THE PROBLEM: Print out every entry that follows, exactly as written.

***** RECORDS SUPPLIED

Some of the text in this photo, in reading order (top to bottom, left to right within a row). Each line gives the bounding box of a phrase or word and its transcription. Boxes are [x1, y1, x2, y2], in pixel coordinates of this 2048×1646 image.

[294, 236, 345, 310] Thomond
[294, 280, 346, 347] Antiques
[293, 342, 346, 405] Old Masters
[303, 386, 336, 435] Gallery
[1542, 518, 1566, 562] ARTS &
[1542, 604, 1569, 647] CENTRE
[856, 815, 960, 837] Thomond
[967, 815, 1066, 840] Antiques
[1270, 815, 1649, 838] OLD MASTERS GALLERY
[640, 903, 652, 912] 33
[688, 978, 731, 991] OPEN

**********

EXERCISE RESPONSE:
Some of the text in this photo, in reading order (top to bottom, left to right within a row). Each line gives the bounding box of a phrase or word and its transcription. Boxes are [x1, y1, x2, y2], in pixel coordinates of this 2048×1646 image.

[294, 236, 345, 310] Thomond
[294, 280, 346, 347] Antiques
[293, 342, 346, 405] Old Masters
[303, 386, 336, 435] Gallery
[1542, 518, 1566, 562] ARTS &
[1542, 604, 1569, 647] CENTRE
[856, 815, 960, 837] Thomond
[967, 815, 1066, 840] Antiques
[1270, 815, 1649, 838] OLD MASTERS GALLERY
[640, 903, 652, 912] 33
[688, 978, 731, 991] OPEN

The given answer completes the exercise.